After the first week postweaning, ADG gradually accelerated until week 4 in the cycle. From week two onwards, there was not a clear trend with regard to the evolution of growth. The influence of the environment and the facilities on the animals is the most plausible explanation for such an evolution. Although HA and TA were always maintained within the thermoneutral zone for animals at this age [55], a high AVA was recorded, which exceeded the 0.15 m/s of maximum airspeed recommended for this age [56]. These air currents could have affected the growth of the animals. In general terms, Ref. [57] described losses in ADG with airspeeds of 0.11–0.40 m/s, especially in younger animals [58]. Therefore, both an excess of and a deficiency in the air exchange rate could have a great impact on the growth performance of the animals.

Moreover, despite the compliance with the requirement of 0.20 m²/piglet up to 20 kg included in [7], the free space per animal available and the limited linear meters of trough per animal constrained the growth of piglets [54] during the last weeks of the productive period. The piglets experienced an increase in density in the building from 33.5 kg/m² at the start of the cycle to an average of 90.0 kg/m² at the end of the cycle. Ref. [59] described a decrease in ADG of around 36 g/day for piglets aged 15 to 71 days and housed at a density of 0.21 m²/animal, as compared to piglets housed at a density of 0.63 m²/animal. The equation used to determine the space available was the allometric equation, A = C × BW^0.667, where A is the space available, and C is the coefficient of the space available. Using this equation, an average value of 0.0287 was obtained at the end of the cycles. This value is below the threshold of 0.0335 established by [60] for piglets from 6 to 20 kg, under which a decrease in growth rates occurs. In the facilities used in this study, the space available around the trough was 2.4 cm/pig, whereas Ref. [61] obtained higher ADG with 4.3 cm/pig, as compared to 3.2, 2.6 and 2.1 cm/pig for piglets weaned at 21 days of age.

5. Conclusions

In conclusion, nonlinear mixed models allow for the consideration of the structure of the longitudinal data used in growth studies and perform better than linear models during the postweaning phase of piglets.
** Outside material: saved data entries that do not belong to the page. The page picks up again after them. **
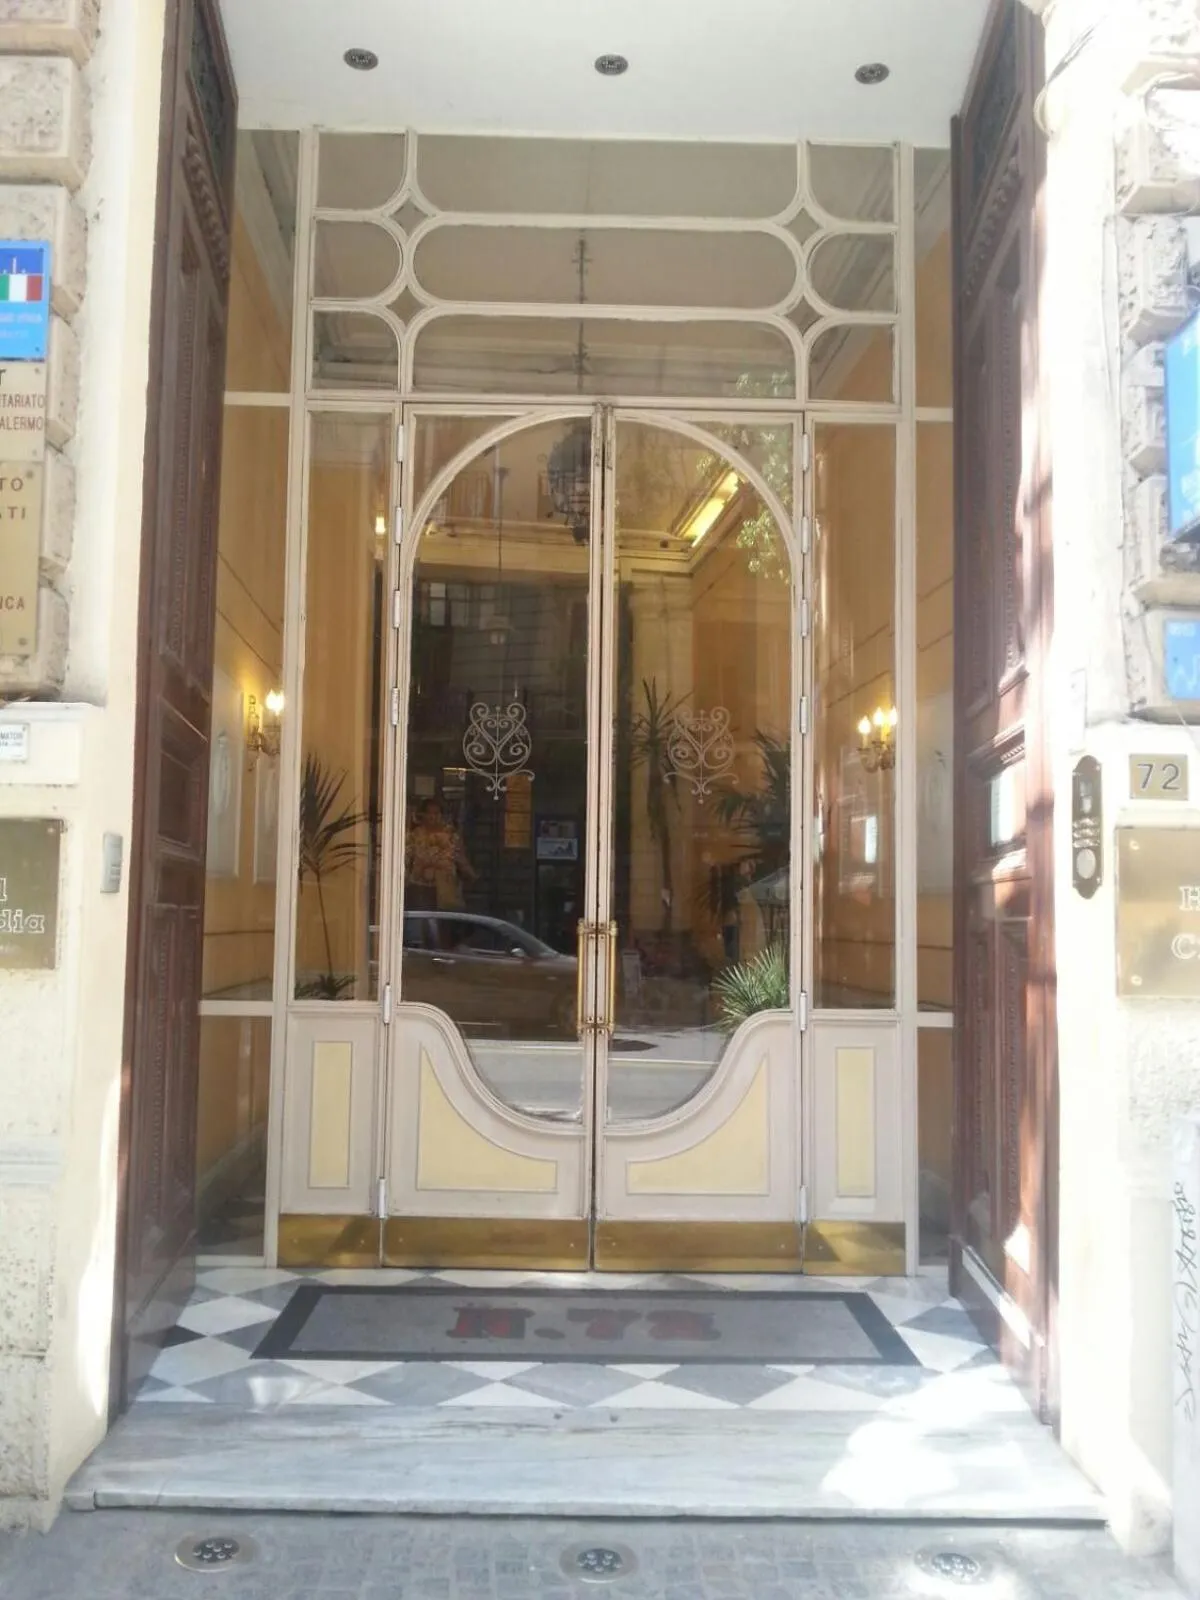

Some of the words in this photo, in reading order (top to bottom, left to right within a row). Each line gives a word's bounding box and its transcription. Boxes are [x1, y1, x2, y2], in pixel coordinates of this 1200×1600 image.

[0, 393, 45, 409] TARIATO
[0, 506, 26, 520] TI
[1136, 763, 1181, 790] 72
[1171, 933, 1200, 960] C
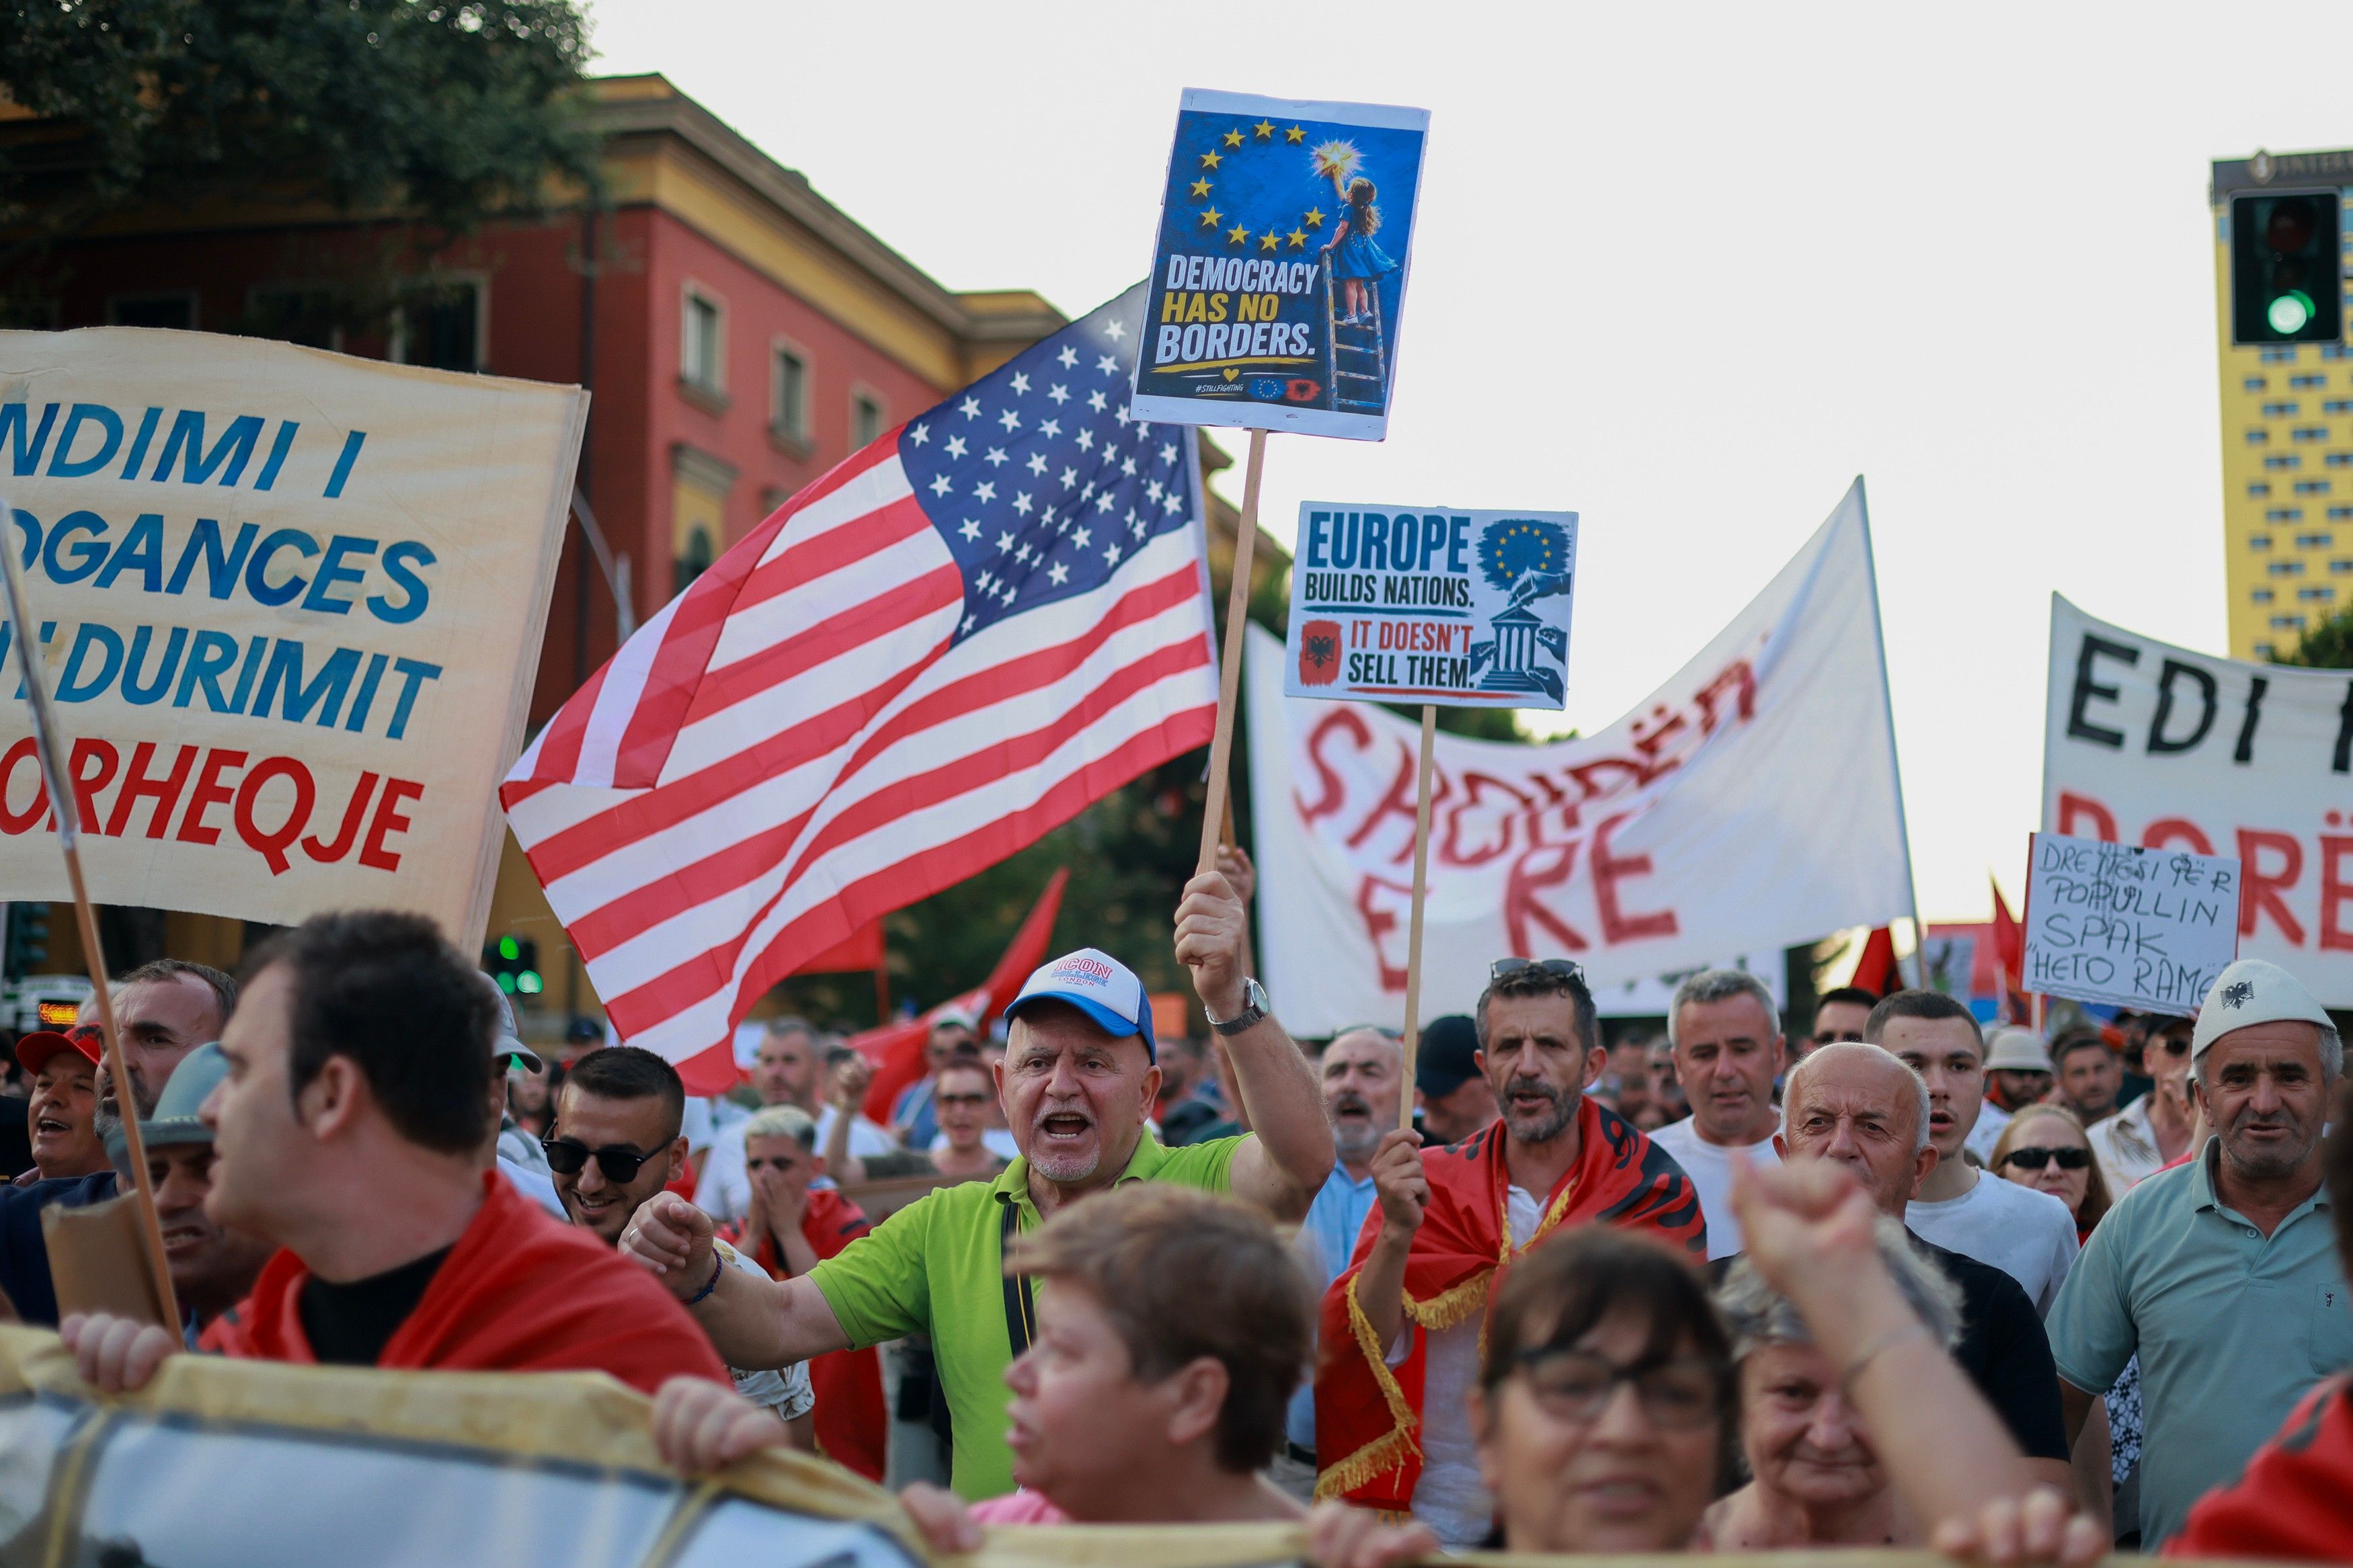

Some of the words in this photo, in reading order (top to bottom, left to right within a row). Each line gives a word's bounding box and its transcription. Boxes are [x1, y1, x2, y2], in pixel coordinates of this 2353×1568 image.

[1166, 254, 1319, 294] DEMOCRACY
[1161, 292, 1228, 323] HAS
[1237, 294, 1279, 322] NO
[1154, 323, 1315, 364] BORDERS.
[1195, 384, 1244, 393] #STILLFIGHTING
[323, 430, 366, 498] I
[1307, 511, 1472, 573] EUROPE
[1304, 573, 1377, 604] BUILDS
[1384, 574, 1475, 608] NATIONS.
[1351, 620, 1372, 649] IT
[1379, 622, 1474, 654] DOESN'T
[1348, 653, 1398, 686] SELL
[1406, 656, 1475, 689] THEM.
[2066, 632, 2269, 764] EDI
[1504, 809, 1681, 958] RE
[2042, 913, 2167, 956] SPAK
[1051, 971, 1108, 987] COLLEGE
[1054, 958, 1113, 979] ICON
[1058, 977, 1094, 986] LONDON
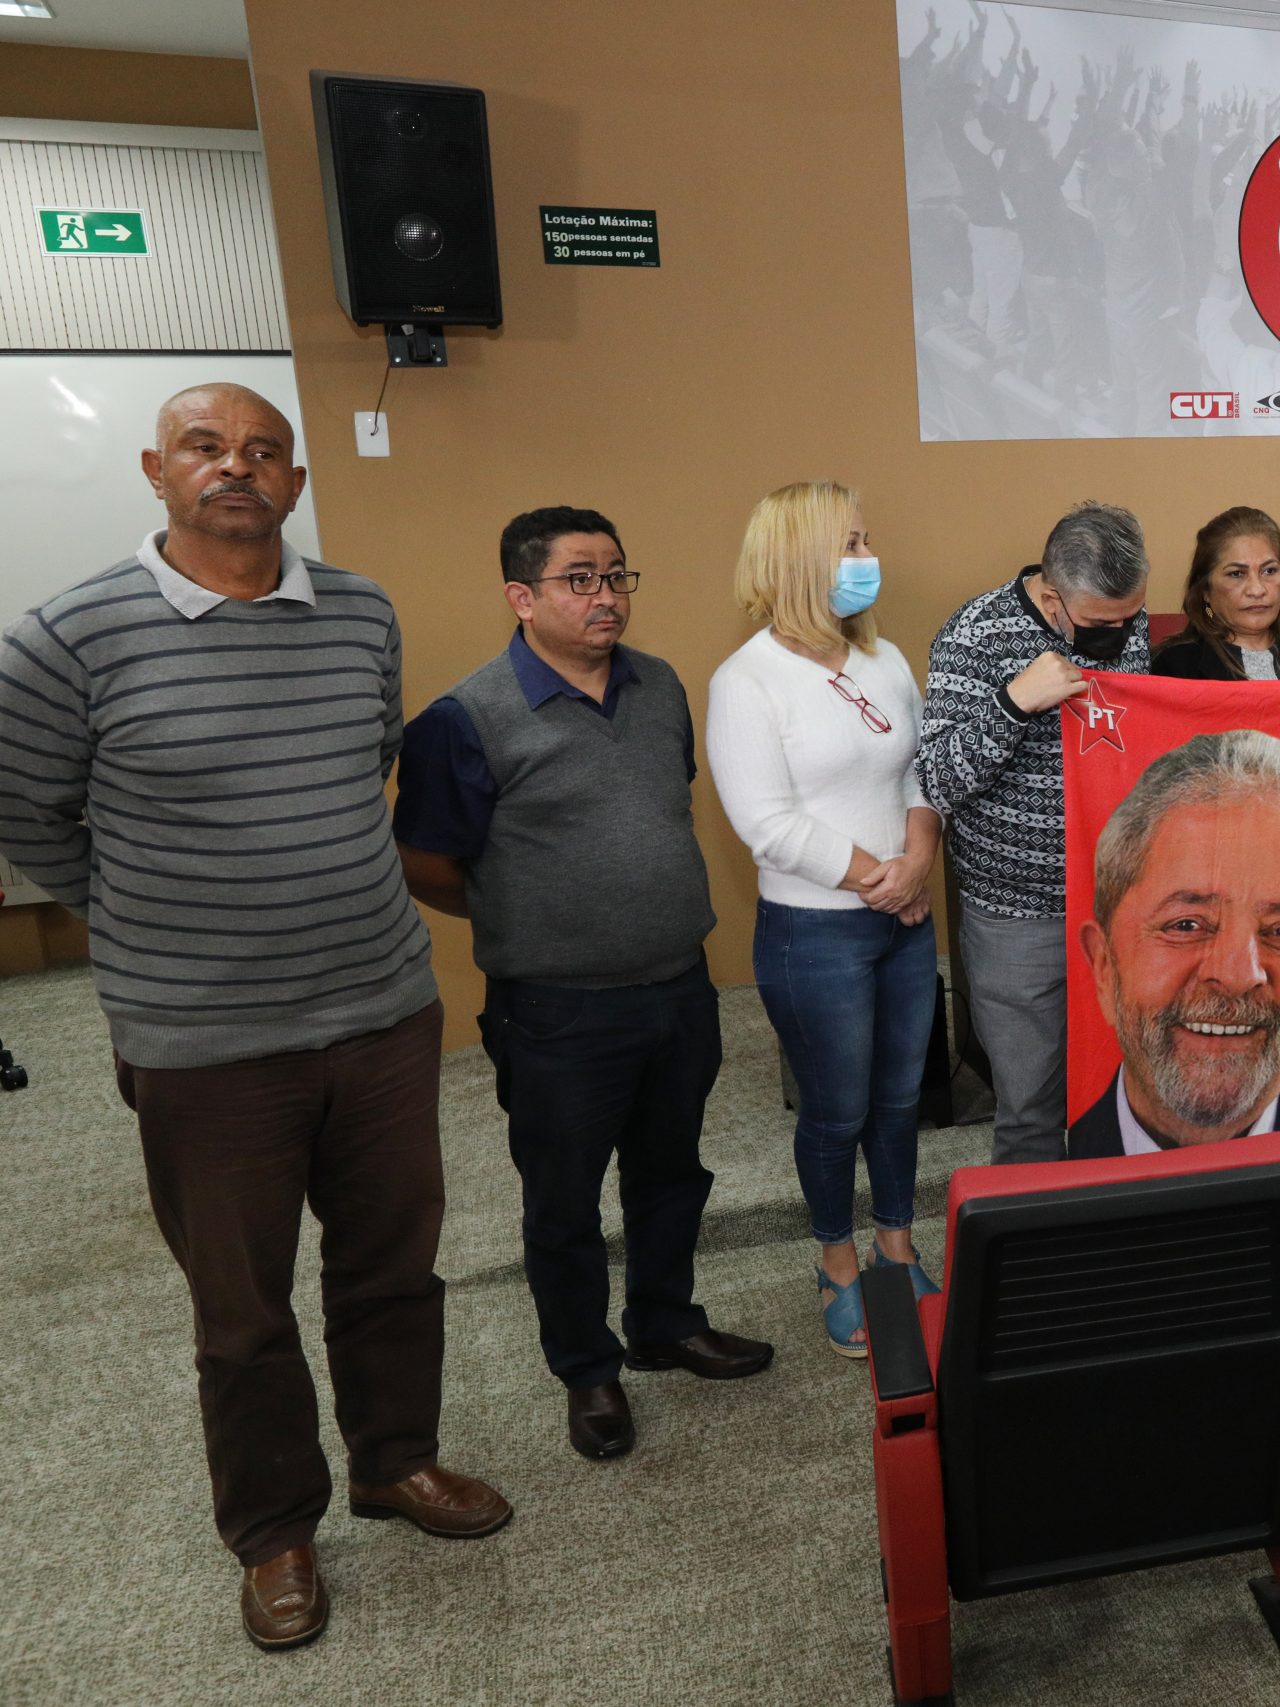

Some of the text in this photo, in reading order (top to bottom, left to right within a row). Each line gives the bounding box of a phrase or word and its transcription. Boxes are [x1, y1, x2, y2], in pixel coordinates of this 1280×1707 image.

[544, 213, 653, 228] Lotação Máxima:
[610, 234, 653, 243] sentadas
[553, 245, 570, 258] 30
[574, 248, 613, 257] pessoas
[633, 250, 645, 260] pé
[1171, 395, 1232, 417] CUT
[1088, 704, 1115, 730] PT
The Gompertz and Von-Bertalanffy curves showed the best fits and provided a greater amount of biological information for their parameters. In relation to growth characterization, no significant differences between sexes were found for the growth of piglets from 6 to 20 kg BW. Also, the growth rate was affected by the weaning effect, which led even to negative growth during the first week and the last weeks of the cycle because of the influence of air currents and the limitations in the space available (both in the room and around the trough). More production cycles should be analysed to clarify the evolution of growth during the last weeks of the breeding period.